Sobre el genocidio armenio
Por José Pablo Feinmann
El día 24 de abril ha sido declarado Día de acción por la tolerancia y el respeto entre los pueblos. Se eligió ese día en memoria del genocidio perpetrado por los Jóvenes Turcos contra el pueblo armenio. Fue el primer genocidio del llamado “siglo de los genocidios”, el veinte. Pero el genocidio armenio expresa una doble masacre: una en la realidad, otra en la memoria. Ha sido el genocidio olvidado. El genocidio que a nadie –salvo a ellos, que lo padecieron– le importa reivindicar, recordar. Fue tapado por el Holocausto, por la Shoah, algo que encierra una paradoja triste. El genocidio armenio sirvió a Hitler para convencer a sus subalternos de la necesariedad de la “solución final” y de la ausencia de costos morales o políticos que tendría. Sólo les preguntó: “¿Acaso alguien recuerda hoy el genocidio armenio?”. Esta ausencia de memoria disparó la realización de la masacre de los judíos, de los gitanos y de cualquier disidente político en los lager del Reich. Luego el Holocausto cubrió –al concentrar en sí todo el horror– a ese viejo genocidio de casi principios de siglo, de sombras, fue aprovechado para hundirlo en el olvido por quienes saben que el olvido es la posibilidad de todo genocidio. No hay una Ana Frank armenia. No hay una carita con la dulzura de la de Ana, una sonrisa que nos llene de ternura y de dolor como la de ella de ningún niño armenio. El jurista Carlos Rozanski dijo que él, de pibe, en su barrio de Boedo, solía ver, durante el mes de abril, un afiche que mostraba una hilera de cabezas (no de calaveras: de cabezas, lo que indicaba que habían sido recientemente segadas) sobre unos tablones. Una biblioteca macabra. Eran (si mal no recuerdo ahora) tres tablas que exhibían cabezas de armenios. Cabezas de armenios muertos. Fue, para él, su primer contacto con el genocidio de ese pueblo. Pero era difícil –para un chico– no sentir rechazo, un horror intolerable que empujaba a más a darse vuelta, a huir que a mirar. ¿Qué sucedía? Que ignorábamos qué era eso. Qué tenía que ver con nosotros. Salvo espantarnos. Con Ana Frank todo es distinto, hay otro mecanismo ante el horror que posibilita el acercamiento. El rostro de Ana es hermoso –es uno de los más hermosos rostros de una niña judía– pero el horror surge porque sabemos que Ana fue asesinada en Auschwitz. Unir la belleza de esa carita a una cámara de gas se vuelve intolerable.
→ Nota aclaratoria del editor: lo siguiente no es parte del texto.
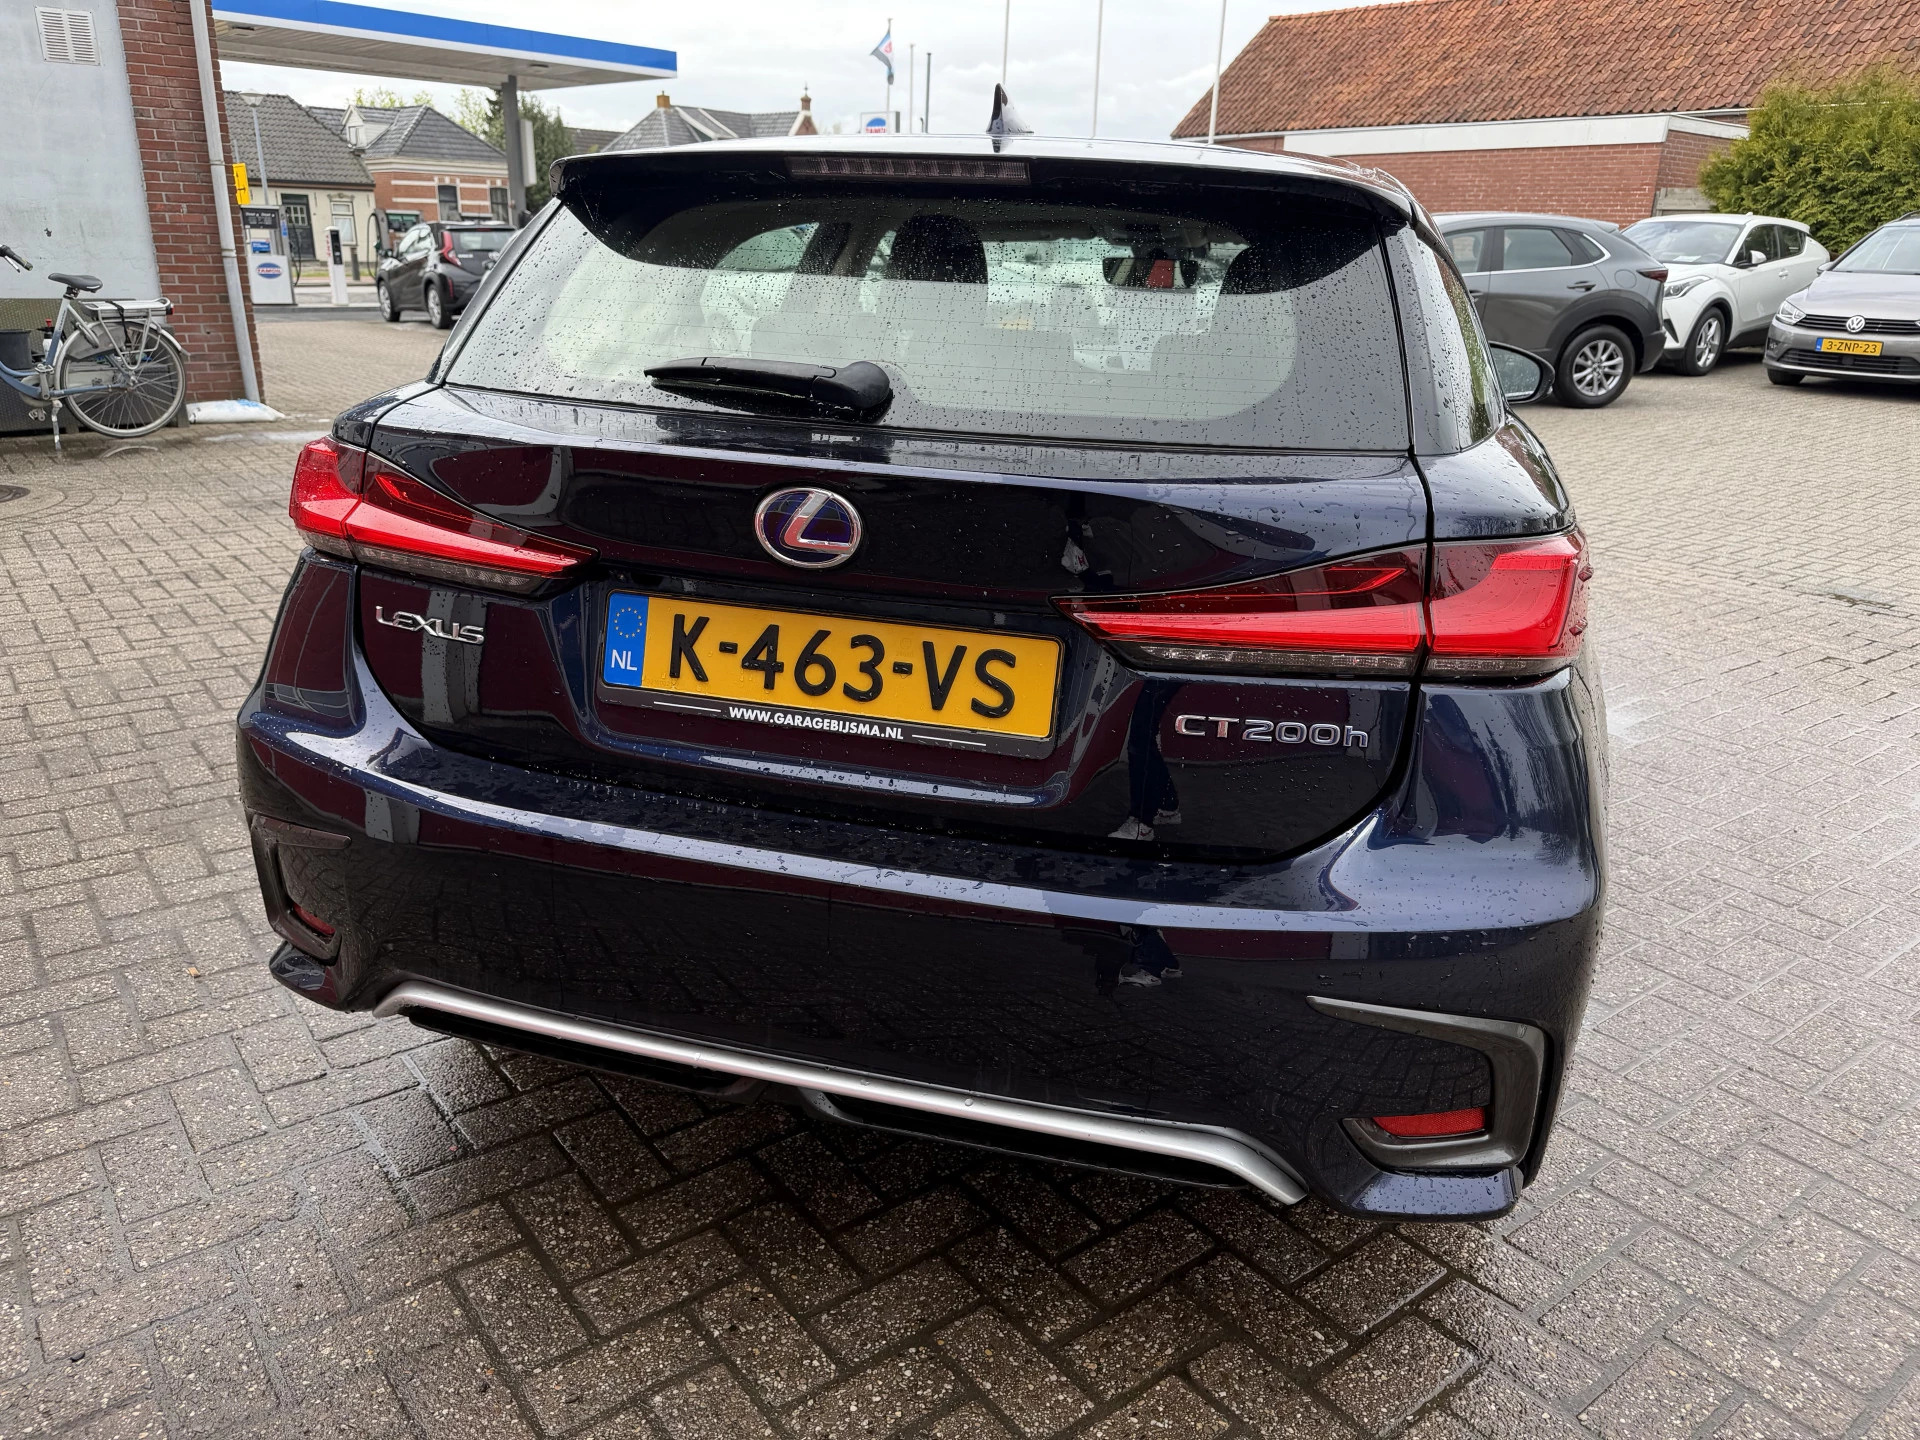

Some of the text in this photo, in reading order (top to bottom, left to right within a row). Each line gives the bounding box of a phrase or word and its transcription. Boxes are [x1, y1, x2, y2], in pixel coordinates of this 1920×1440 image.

Pero no era así con las cabezas de los armenios. Ahora sabemos –y cada vez lo sabremos más y más– por qué esa cabezas fueron puestas sobre esos tablones, fotografiadas, por qué ese afiche está pegado a esa pared, por qué eso sucede sobre todo en el mes de abril. Porque Turquía –entre 1915 y 1923– asesinó a 1.500.000 armenios en el primer genocidio del siglo XX, que, aunque sea llamado el siglo de los genocidios no por eso deberá creerse que podría ser llamado también el siglo del fin de los genocidios.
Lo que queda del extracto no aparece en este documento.